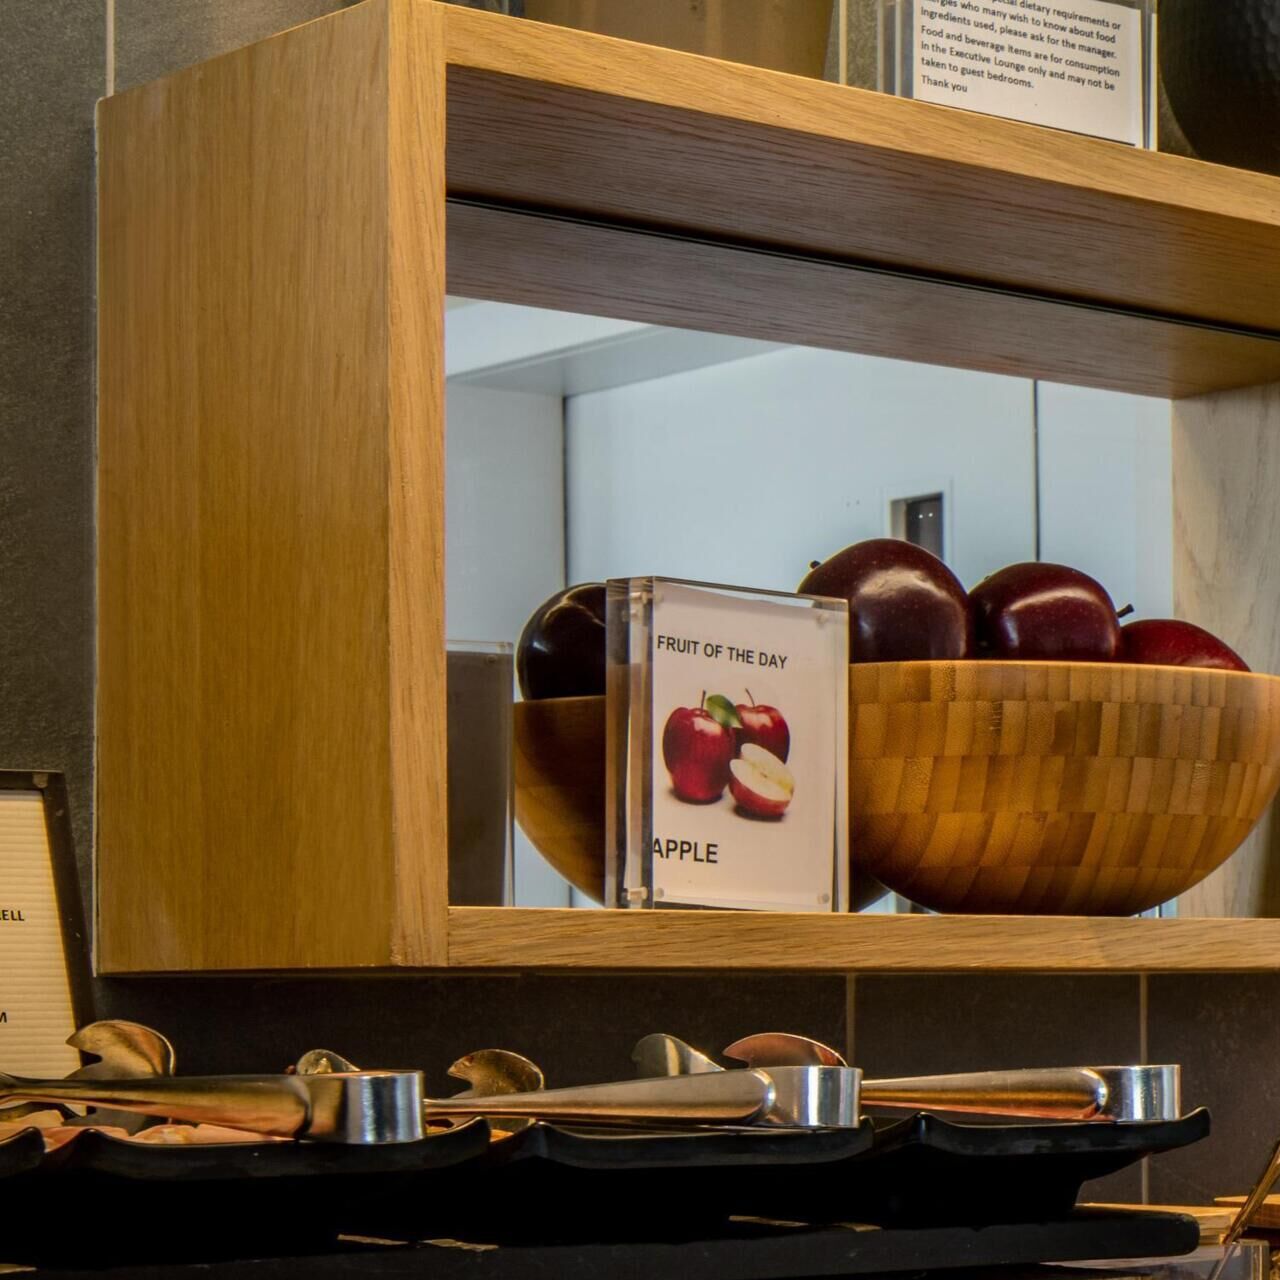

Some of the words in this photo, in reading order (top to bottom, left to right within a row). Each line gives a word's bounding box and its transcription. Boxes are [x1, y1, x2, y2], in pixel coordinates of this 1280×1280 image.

[921, 6, 971, 26] ingredients
[973, 20, 997, 33] used,
[999, 25, 1028, 39] please
[1030, 33, 1045, 42] ask
[1047, 34, 1060, 45] for
[1062, 39, 1077, 50] the
[1078, 43, 1117, 59] manager.
[960, 1, 980, 12] who
[982, 7, 1007, 20] many
[1008, 13, 1029, 24] wish
[1031, 17, 1041, 26] to
[1043, 18, 1067, 32] know
[1069, 25, 1094, 38] about
[1096, 31, 1116, 43] food
[1019, 0, 1051, 15] dietary
[1053, 8, 1110, 28] requirements
[1111, 22, 1121, 31] or
[921, 25, 944, 38] Food
[945, 32, 963, 42] and
[964, 34, 1005, 53] beverage
[1007, 44, 1032, 58] items
[1033, 51, 1048, 61] are
[1050, 53, 1063, 64] for
[1064, 58, 1120, 77] consumption
[931, 43, 947, 54] the
[949, 46, 991, 64] Executive
[994, 56, 1026, 72] Lounge
[1027, 65, 1047, 78] only
[1049, 70, 1066, 80] and
[1067, 73, 1086, 87] may
[1087, 78, 1102, 89] not
[1104, 79, 1115, 91] be
[921, 57, 947, 70] taken
[948, 63, 959, 73] to
[960, 66, 985, 78] guest
[987, 69, 1034, 89] bedrooms.
[921, 74, 950, 89] Thank
[951, 82, 968, 93] you
[656, 634, 700, 656] FRUIT
[703, 642, 724, 660] OF
[727, 646, 755, 665] THE
[758, 651, 788, 670] DAY
[653, 838, 718, 863] APPLE
[0, 909, 25, 921] ELL
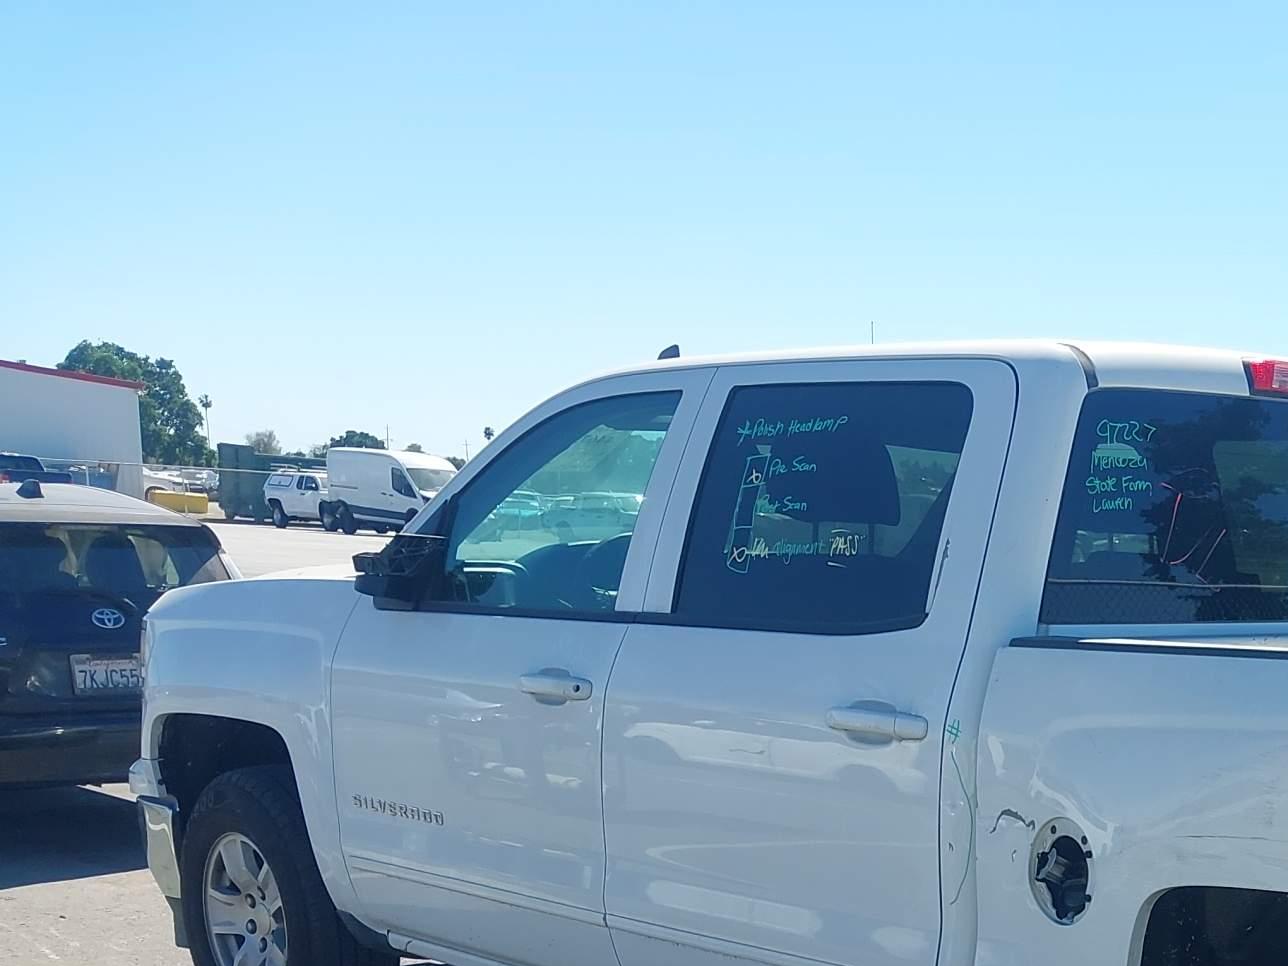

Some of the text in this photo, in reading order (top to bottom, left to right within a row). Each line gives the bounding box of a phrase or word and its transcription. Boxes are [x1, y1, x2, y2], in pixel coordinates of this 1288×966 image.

[791, 456, 817, 473] Scan
[1085, 475, 1153, 496] State Farm
[782, 496, 808, 512] Scan
[352, 794, 445, 827] SILVERADO
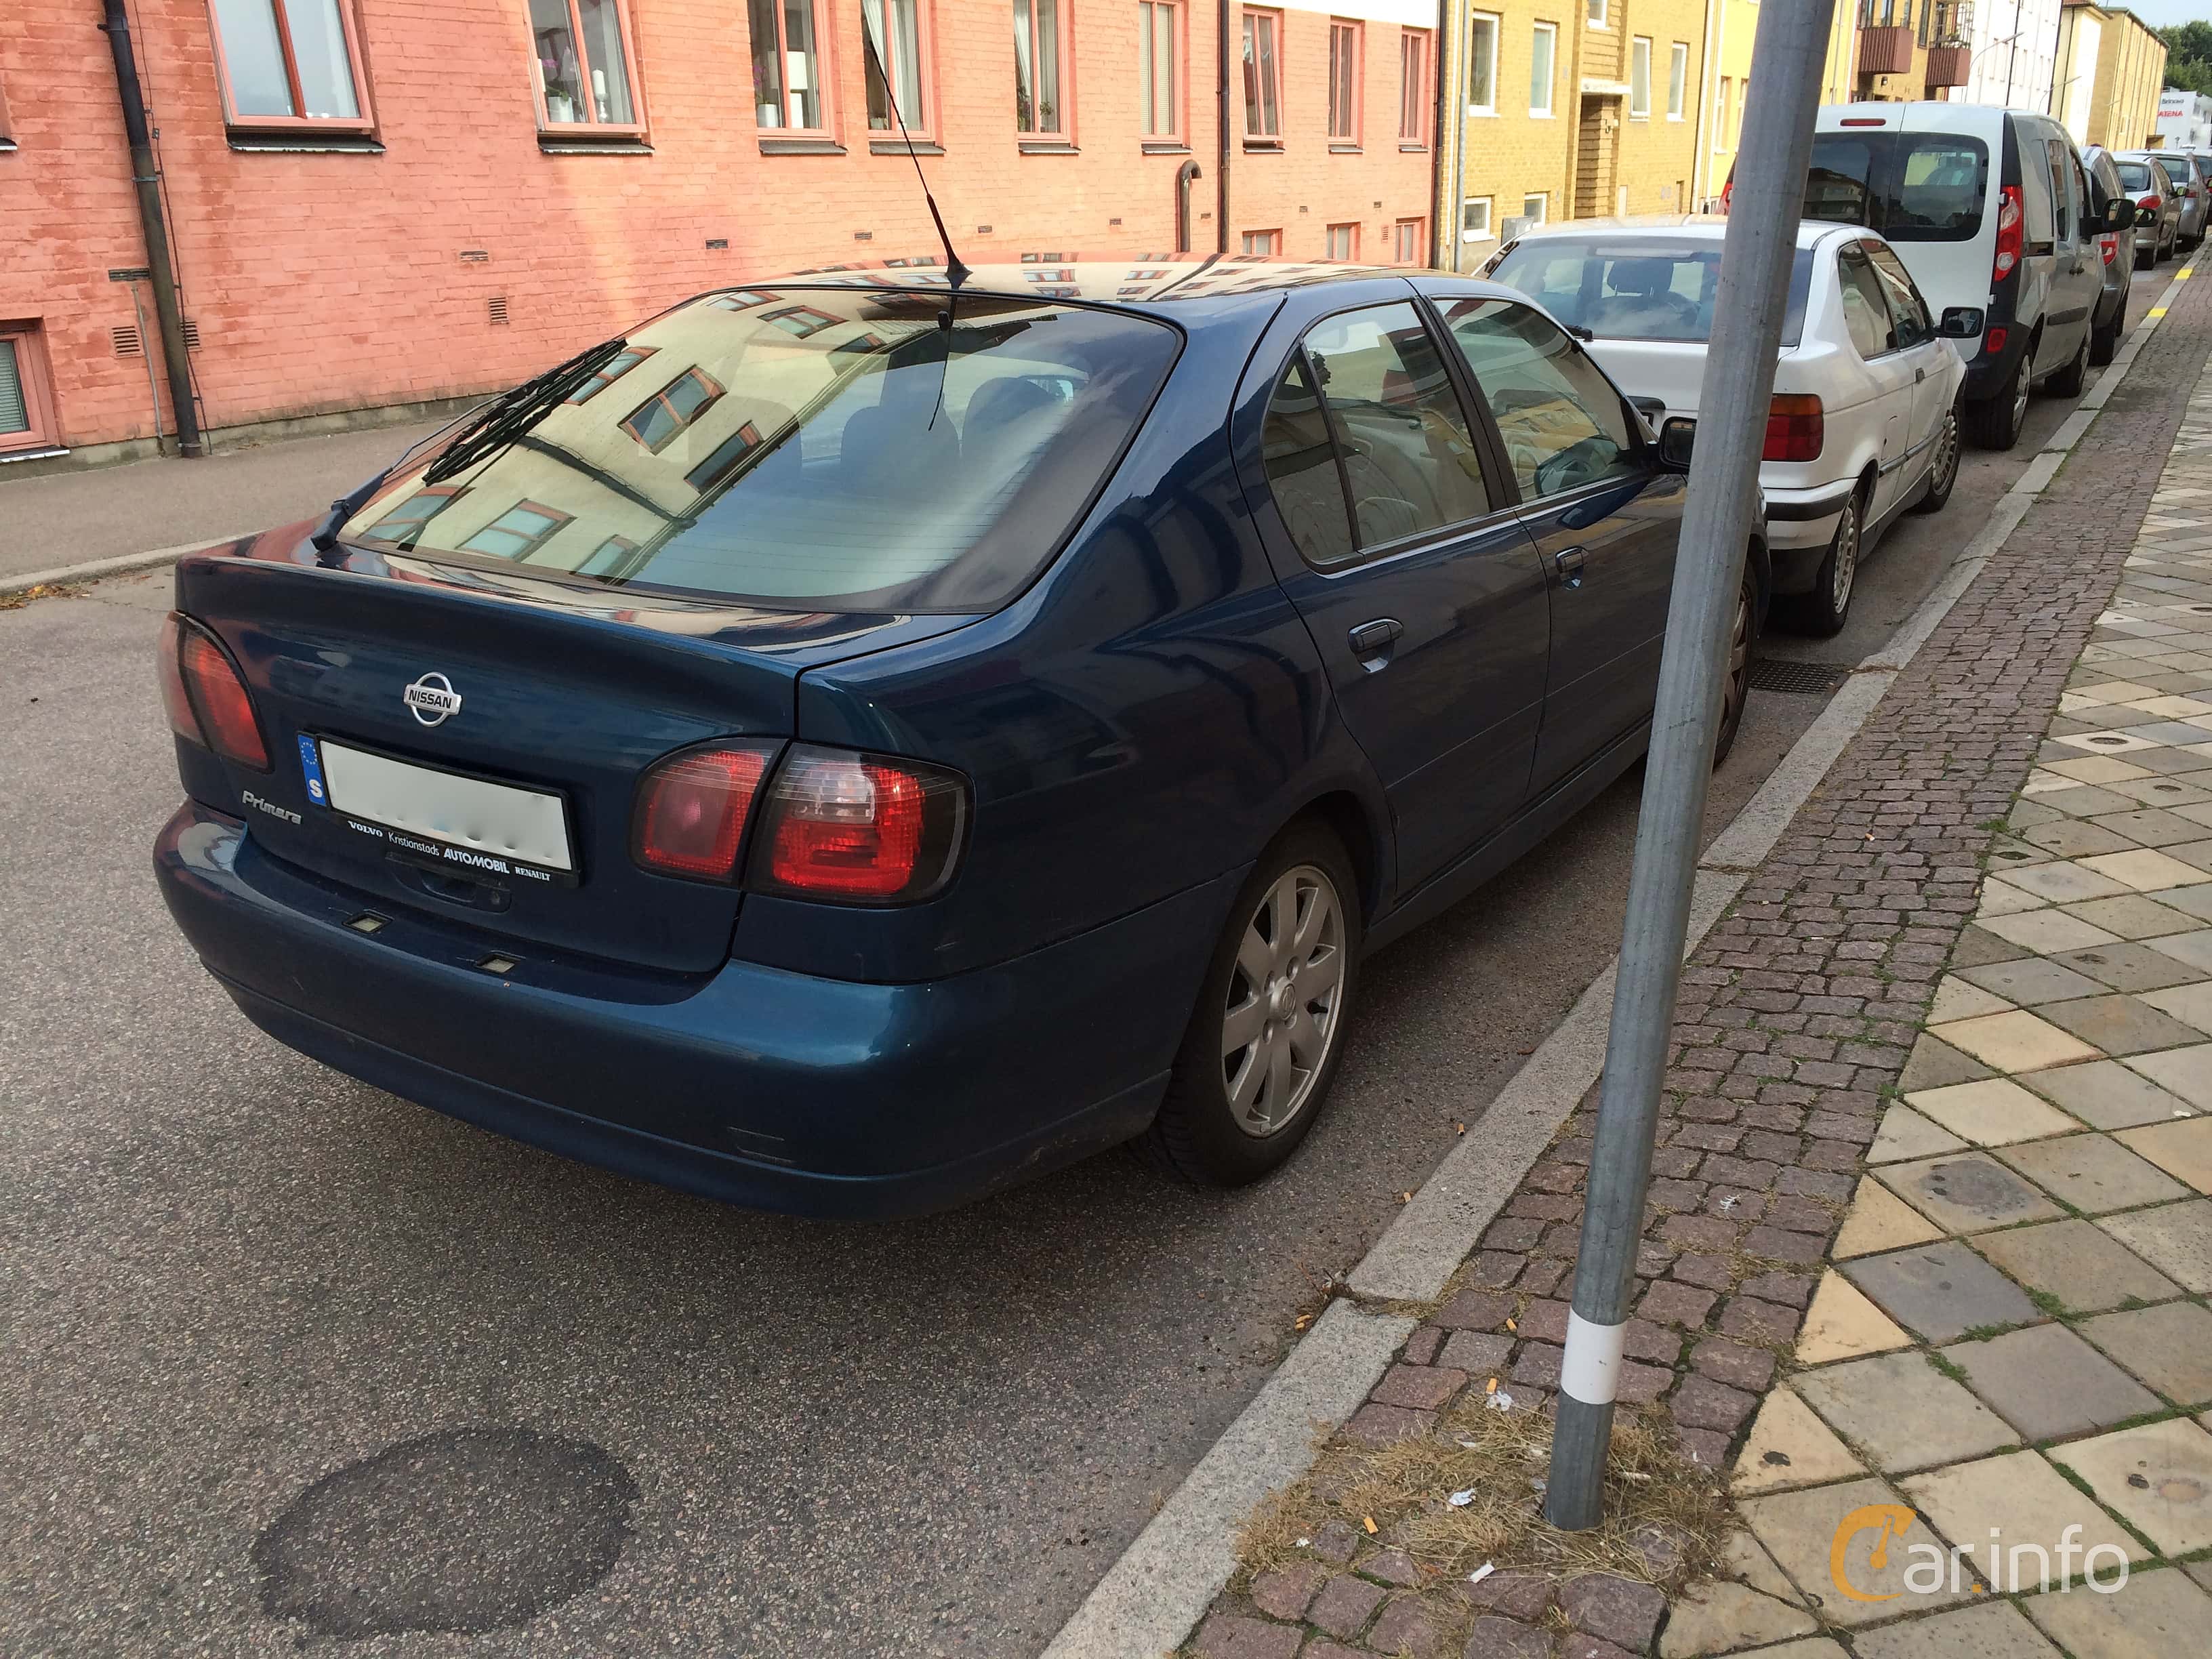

* **Work item**: Pictures excluded, print only the lines from the one with "Some of the text" through the end of the entries above, exactly as written.

* **Exercise output**:
Some of the text in this photo, in reading order (top to bottom, left to right within a row). Each line gives the bounding box of a phrase or word and its transcription. Boxes are [x1, y1, x2, y2], in pixel coordinates of this 1288×966 image.

[791, 456, 817, 473] Scan
[1085, 475, 1153, 496] State Farm
[782, 496, 808, 512] Scan
[352, 794, 445, 827] SILVERADO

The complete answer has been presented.